►
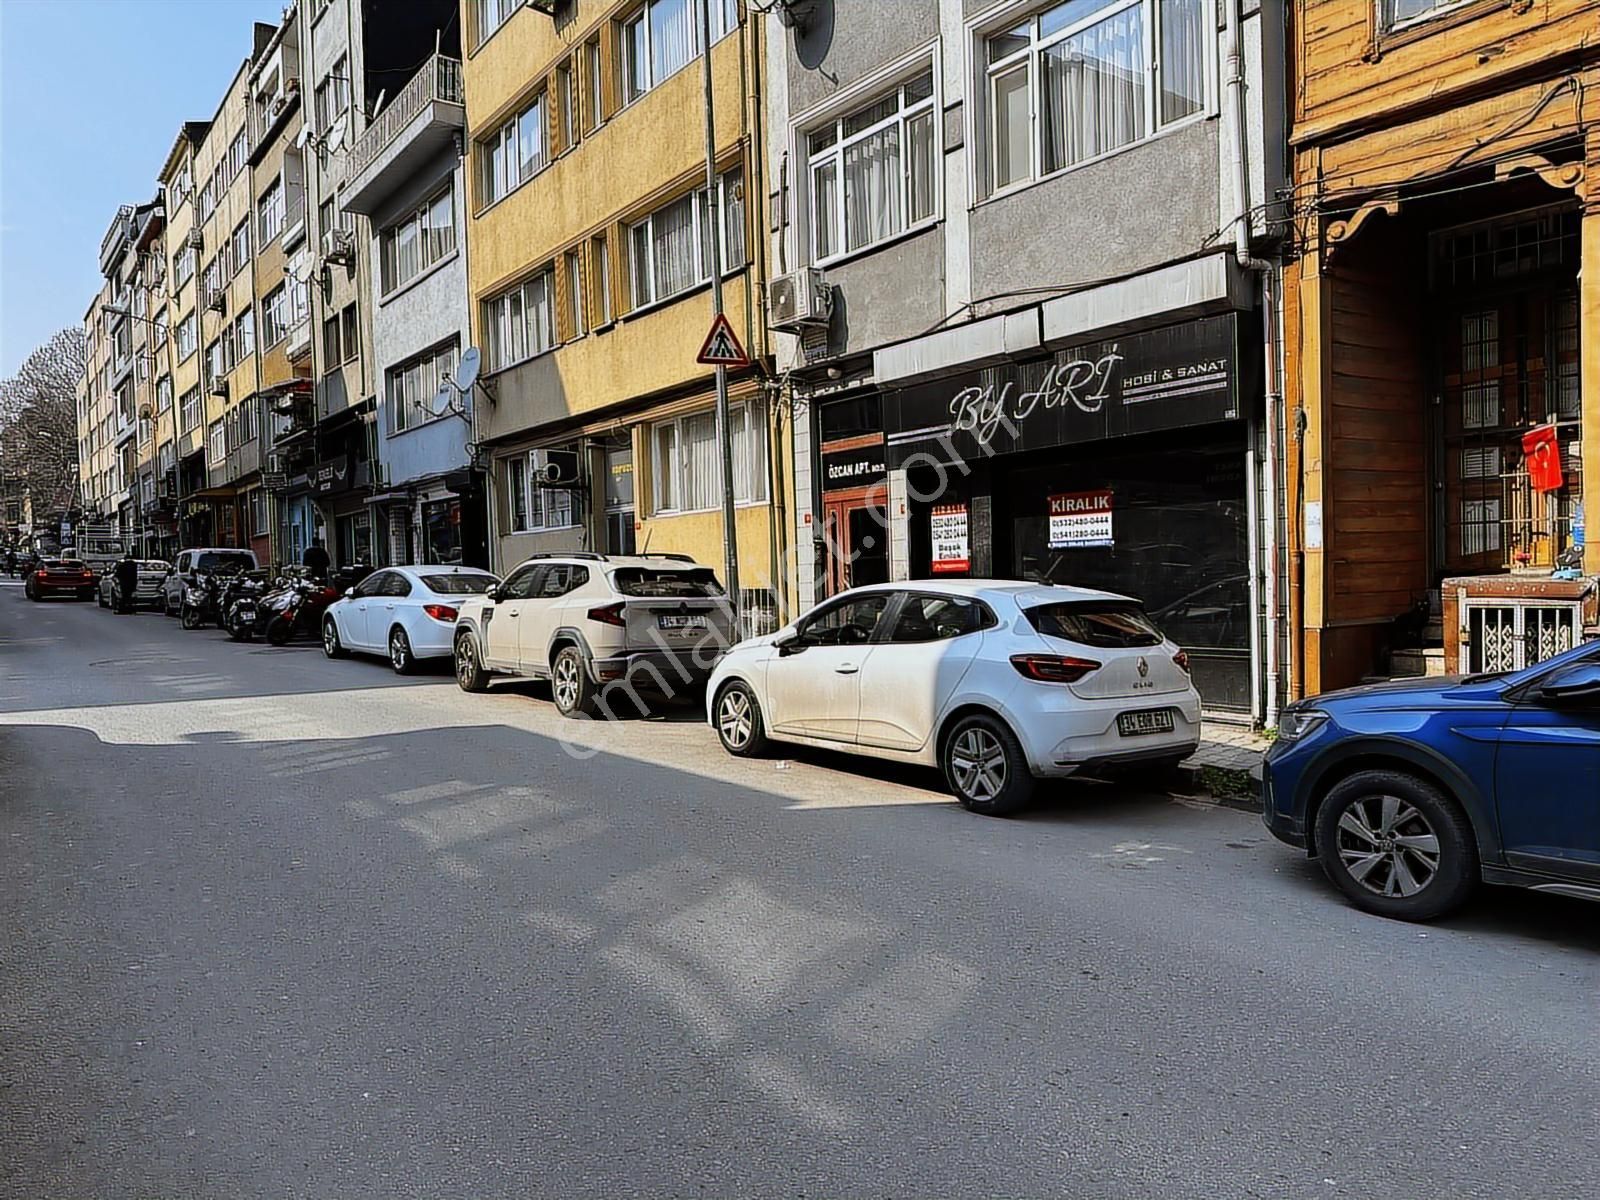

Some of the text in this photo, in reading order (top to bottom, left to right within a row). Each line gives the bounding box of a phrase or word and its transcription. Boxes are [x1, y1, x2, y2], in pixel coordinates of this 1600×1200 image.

[1123, 359, 1228, 388] HOBİ & SANAT
[950, 381, 1014, 444] BY
[828, 464, 854, 479] ÖZCAN
[1051, 495, 1110, 513] KİRALIK
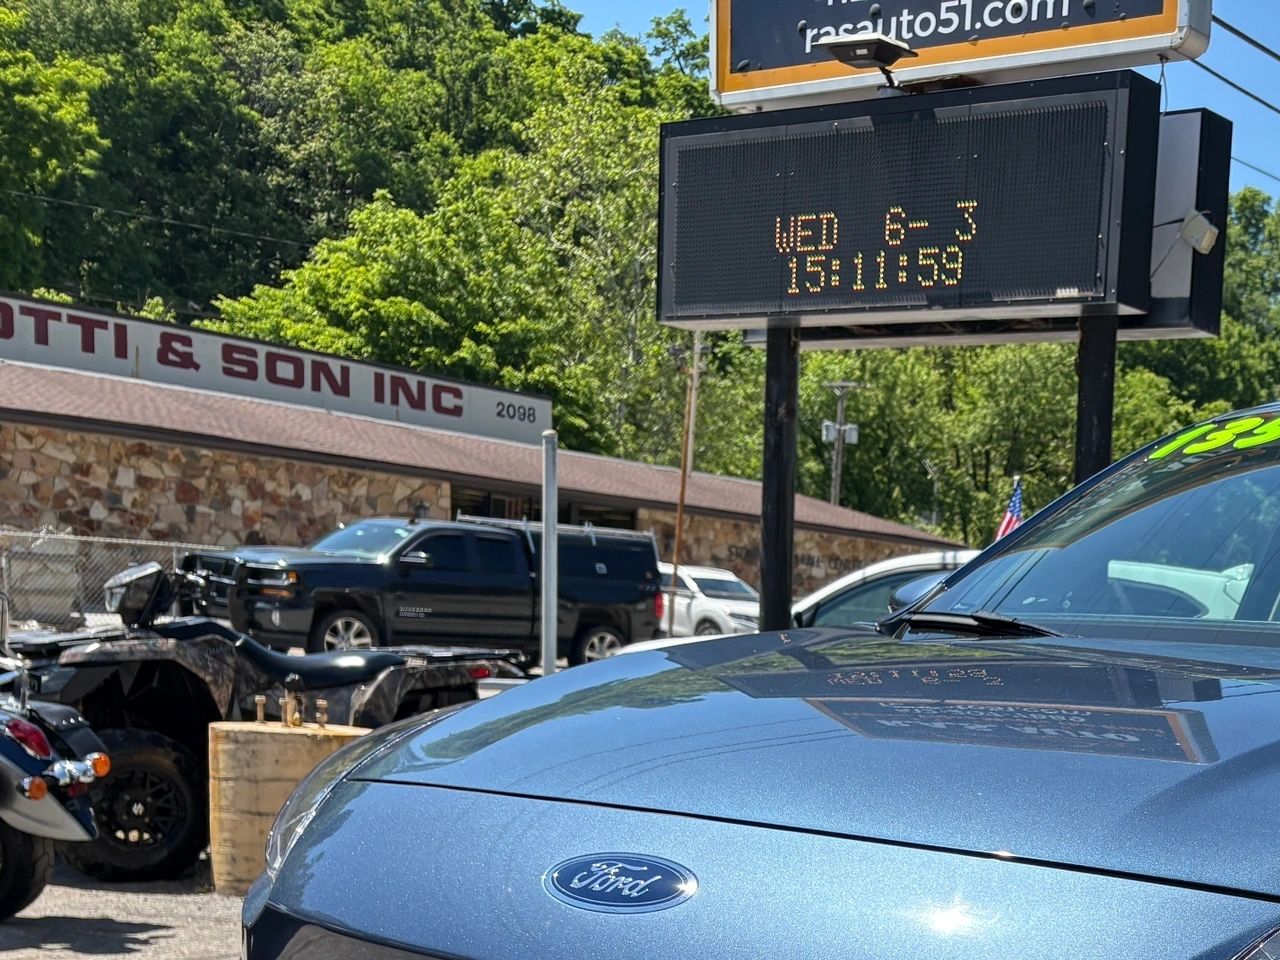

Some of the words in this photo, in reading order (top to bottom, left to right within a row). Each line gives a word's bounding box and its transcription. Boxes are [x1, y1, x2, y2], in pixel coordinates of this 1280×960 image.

[775, 211, 838, 253] WED
[787, 245, 963, 294] 15:11:59
[157, 331, 201, 371] &
[222, 343, 350, 397] SON
[374, 371, 463, 417] INC
[496, 401, 536, 424] 2098
[570, 860, 661, 897] Ford
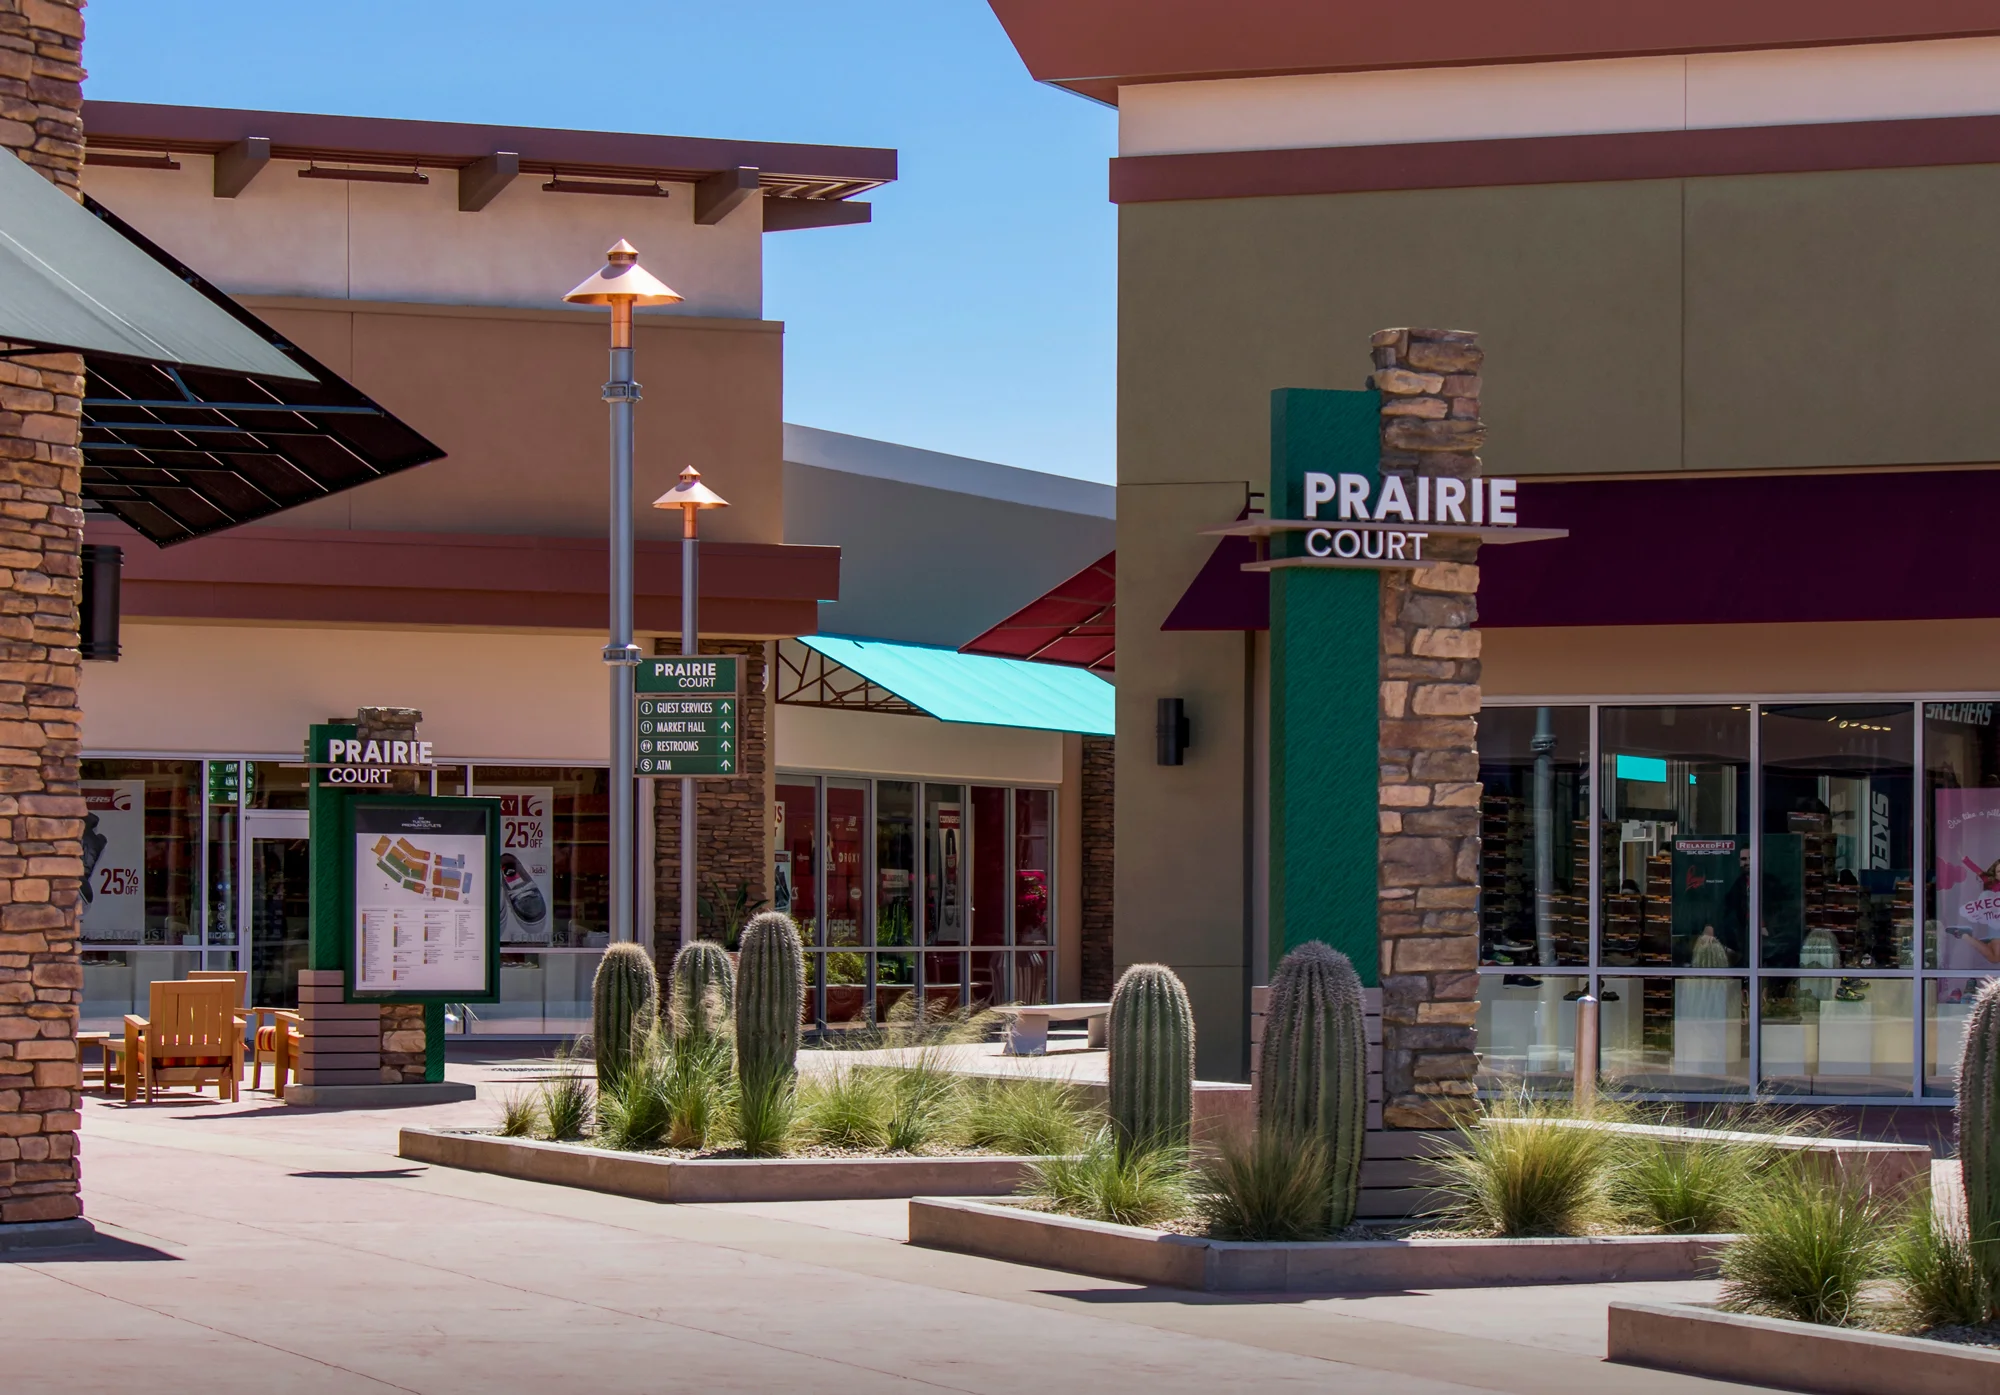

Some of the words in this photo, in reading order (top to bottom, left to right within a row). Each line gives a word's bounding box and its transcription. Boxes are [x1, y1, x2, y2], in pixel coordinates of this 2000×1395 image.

[1304, 471, 1518, 526] PRAIRIE
[1305, 528, 1429, 561] COURT
[655, 663, 717, 676] PRAIRIE
[679, 677, 716, 688] COURT
[656, 702, 680, 713] GUEST
[681, 702, 713, 713] SERVICES
[1925, 702, 1993, 726] SKECHERS
[656, 721, 686, 733] MARKET
[687, 722, 706, 733] HALL
[328, 739, 433, 764] PRAIRIE
[656, 741, 699, 752] RESTROOMS
[656, 760, 672, 771] ATM
[328, 767, 392, 784] COURT
[505, 821, 543, 848] 25%
[529, 839, 543, 848] OFF
[100, 868, 138, 895] 25%
[125, 886, 138, 895] OFF
◄
Could you repeat all of the data exactly, minus the pictures?

Some of the text in this photo, in reading order (top to bottom, left to right within a row). Each line gives the bounding box of a phrase or word and its transcription. Boxes are [x1, y1, x2, y2], in pixel coordinates of this 1600×1200 image.

[1123, 359, 1228, 388] HOBİ & SANAT
[950, 381, 1014, 444] BY
[828, 464, 854, 479] ÖZCAN
[1051, 495, 1110, 513] KİRALIK

Some of the words in this photo, in reading order (top to bottom, left to right within a row). Each line gives a word's bounding box and its transcription. Boxes are [x1, y1, x2, y2], in pixel coordinates of this 1280×960 image.

[775, 211, 838, 253] WED
[787, 245, 963, 294] 15:11:59
[157, 331, 201, 371] &
[222, 343, 350, 397] SON
[374, 371, 463, 417] INC
[496, 401, 536, 424] 2098
[570, 860, 661, 897] Ford

Some of the words in this photo, in reading order (top to bottom, left to right within a row). Each line gives a word's bounding box and its transcription. Boxes are [x1, y1, x2, y2], in pixel coordinates of this 2000×1395 image.

[1304, 471, 1518, 526] PRAIRIE
[1305, 528, 1429, 561] COURT
[655, 663, 717, 676] PRAIRIE
[679, 677, 716, 688] COURT
[656, 702, 680, 713] GUEST
[681, 702, 713, 713] SERVICES
[1925, 702, 1993, 726] SKECHERS
[656, 721, 686, 733] MARKET
[687, 722, 706, 733] HALL
[328, 739, 433, 764] PRAIRIE
[656, 741, 699, 752] RESTROOMS
[656, 760, 672, 771] ATM
[328, 767, 392, 784] COURT
[505, 821, 543, 848] 25%
[529, 839, 543, 848] OFF
[100, 868, 138, 895] 25%
[125, 886, 138, 895] OFF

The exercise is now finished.